With the beginning of the second semester comes the start of the second intramural broomball season. This season will be slightly different from the rest, however, as there are new rules that will be introduced to the sport.
Broomball is one of Geneseo’s most beloved intramural sports; consequently, a myriad of students became concerned when they heard about the most recent changes. Intramural and Recreational Director Brooks Hawley helped to clarify these new rules.
“Instead of six people on the ice at once, there would now be five, including the goaltender,” Hawley said. “This new rule was established so that the score would pick up. People would have more room to move around and pass.”
This was a response to several games ending with scores of 0-0 and 1-1 in the fall semester. To ensure that these types of scores do not occur as often in the future, though, new overtime rules were also instated.
“There will now be a two minute overtime for which three people on each team would be on the ice at once,” Hawley said. “Whoever scores first would win the game. If, however, there was no score within that two minute interval, the result would unfortunately be a tie.”
These new rules apply to the regular broomball season. There are special cases to the new overtime rule in the playoffs, however, according to Hawley.
“We need a winner [with overtime matches]. There can be no ties,” Hawley said. “If a winner cannot be found within the two minutes allotted, there would ultimately need to be a shootout.”
This new shootout policy will make it easier to determine a winner during the postseason and will help to send teams up in the rankings.
While this announcement may come as a surprise to many broomball players, Hawley said that they were necessary for the game to continue to be successful. These new rules should essentially make it easier for each team to score on their opponents.
“These rules needed to be instituted immediately because it would offer more scoring and in effect be more exciting to those participants who compete in these matches … we need to get away from these low-scoring games in broomball,” Hawley said. “With the amount of people on the ice being reduced, each athlete will have more freedom to move and pass more efficiently.”

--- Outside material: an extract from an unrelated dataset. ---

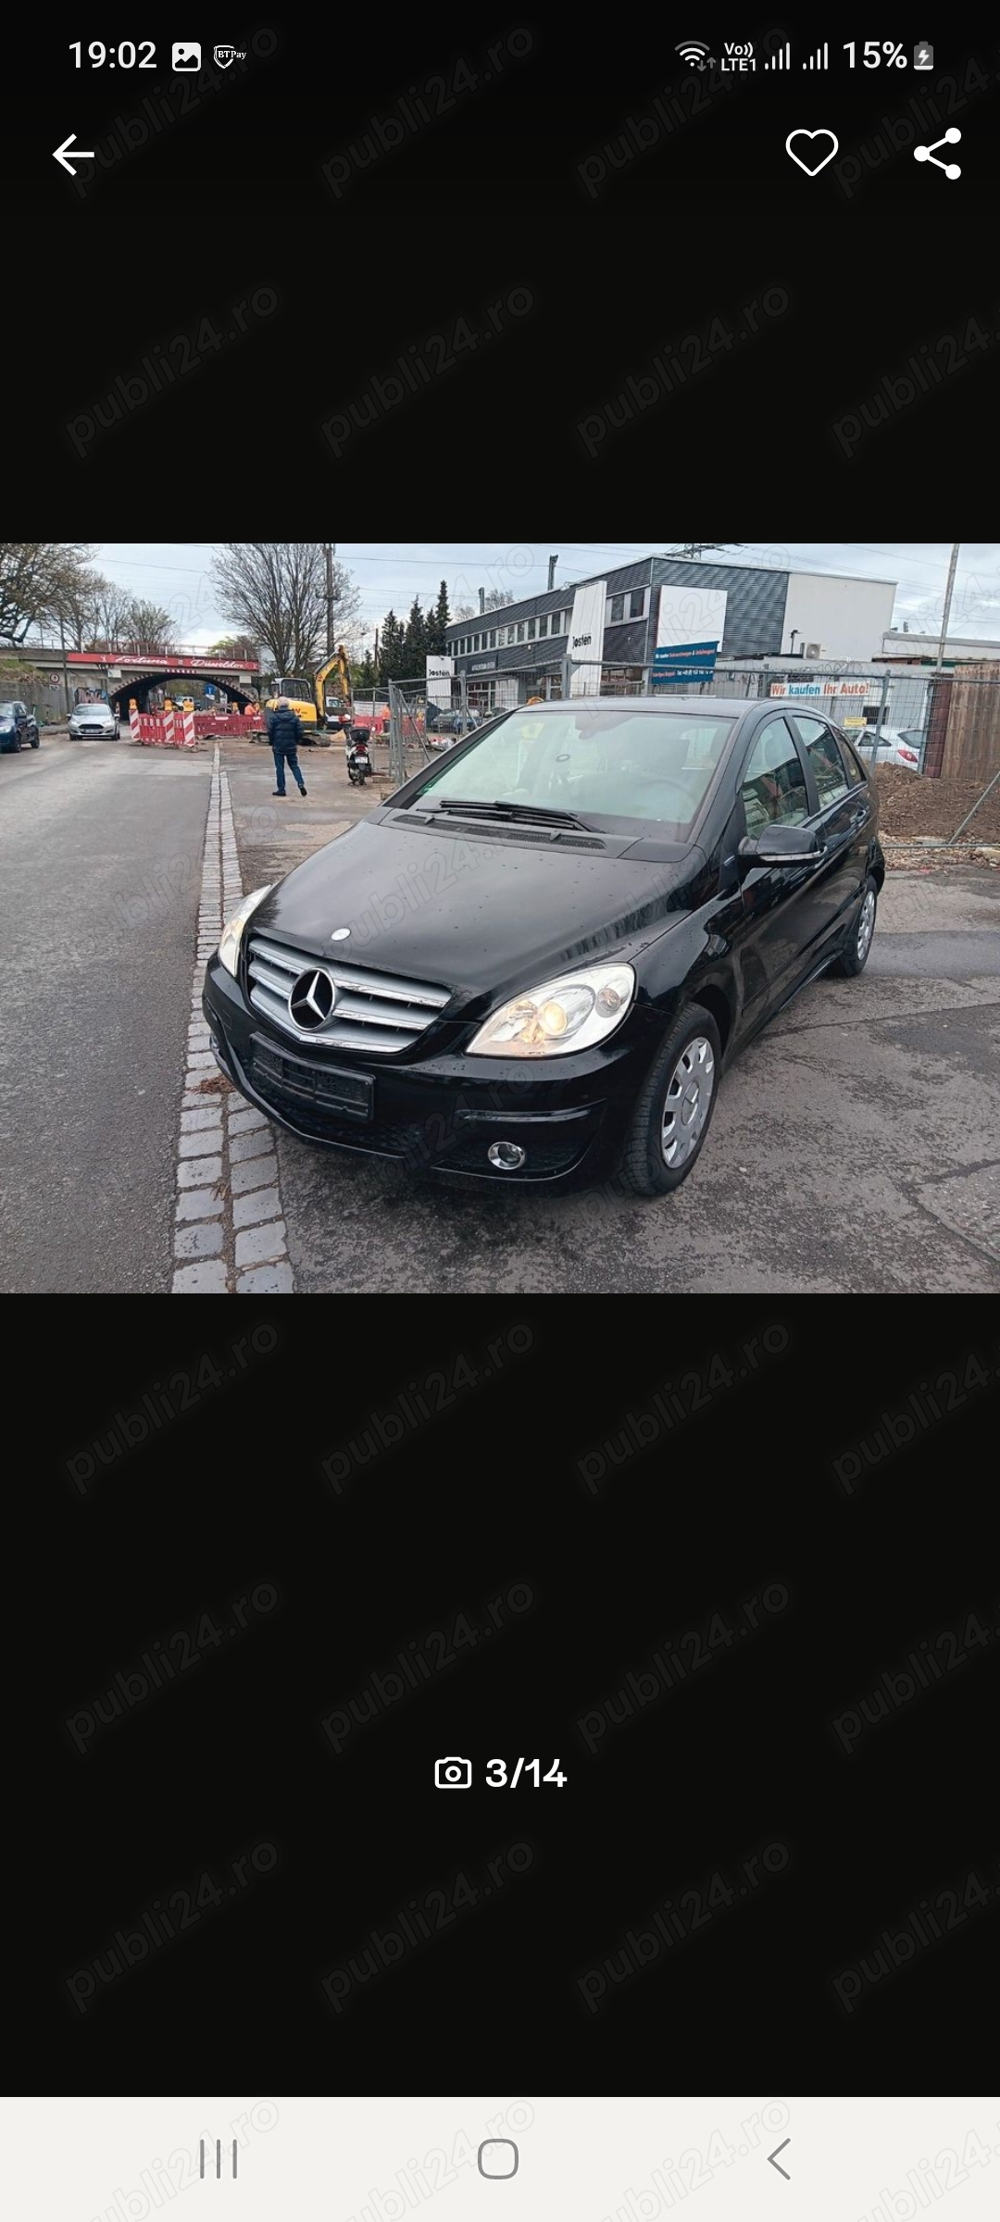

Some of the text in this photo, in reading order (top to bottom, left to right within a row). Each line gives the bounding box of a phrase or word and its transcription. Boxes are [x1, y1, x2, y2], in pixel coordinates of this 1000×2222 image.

[772, 682, 869, 695] Wir kaufen Ihr Auto!
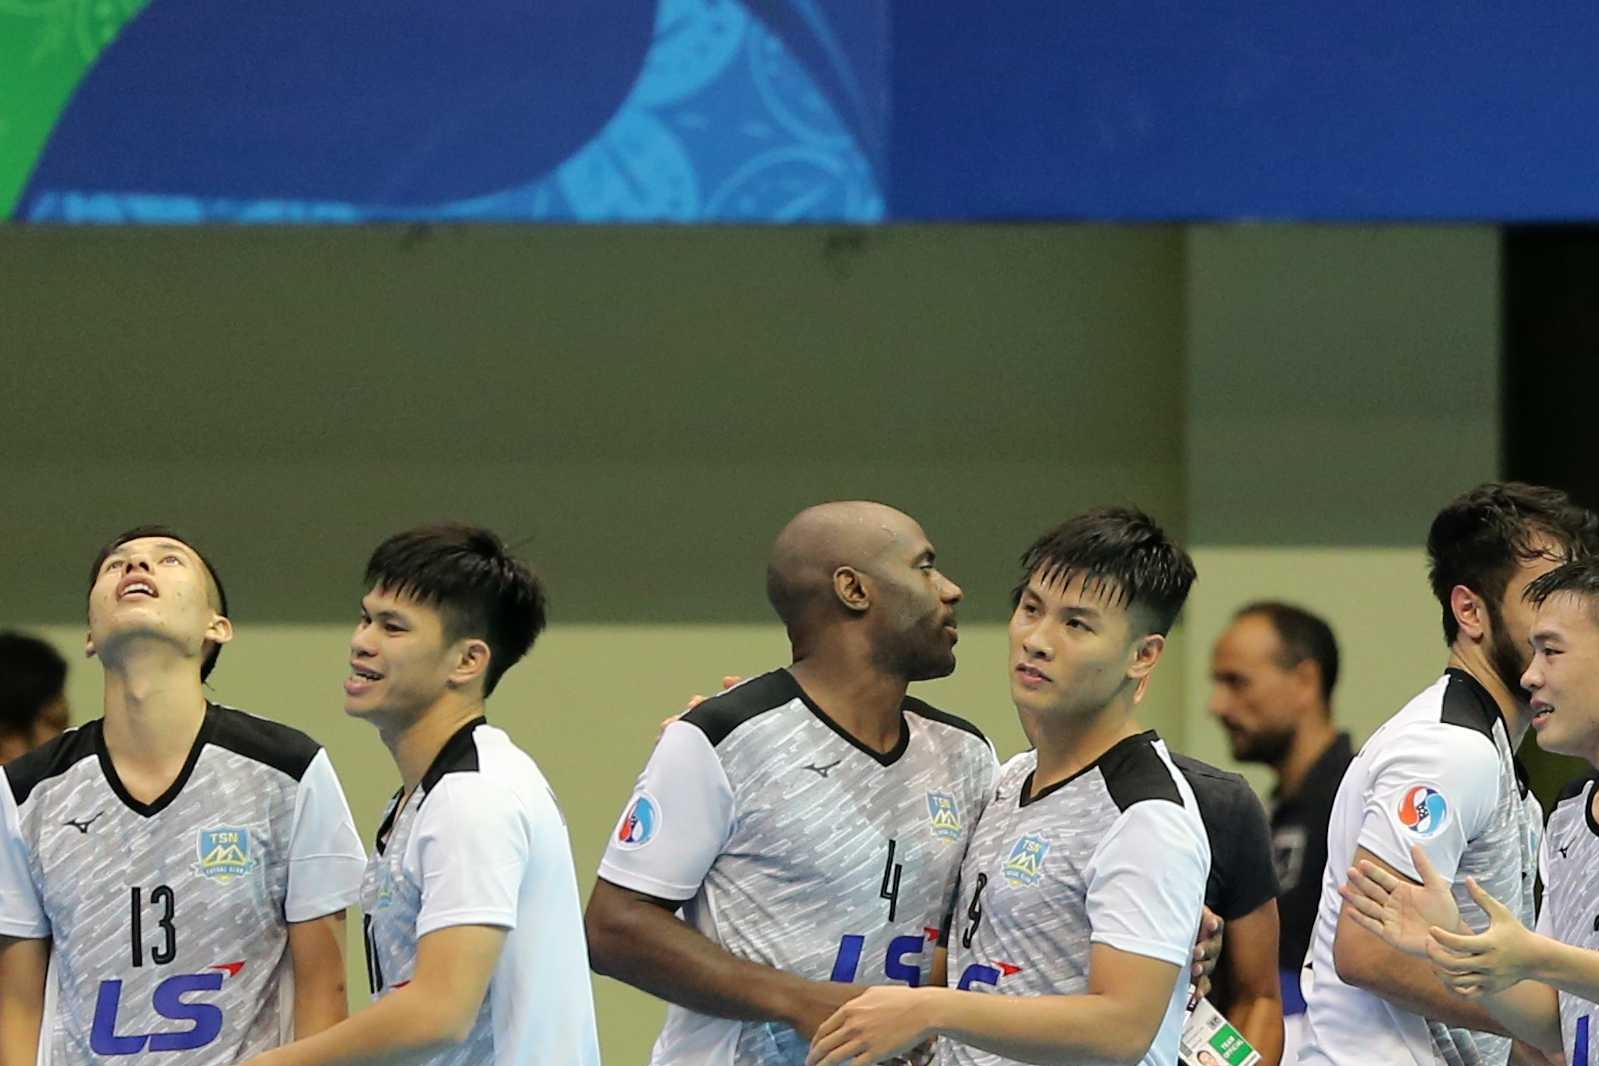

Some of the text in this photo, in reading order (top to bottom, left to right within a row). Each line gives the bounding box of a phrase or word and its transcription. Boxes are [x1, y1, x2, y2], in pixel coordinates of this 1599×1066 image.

These new rules are something to be excited about, according to Hawley.
“There will undoubtedly be more enthusiasm during every game,” Hawley said. “With those late-night hours, players will be more enthused that their effort will not be for nothing.”
These new rules look to make teams more successful and they aspire to allow for the playoff brackets to be fairer. With the ever-increasing popularity of broomball, these rules should be easy to adapt to and will likely end up being beneficial for players.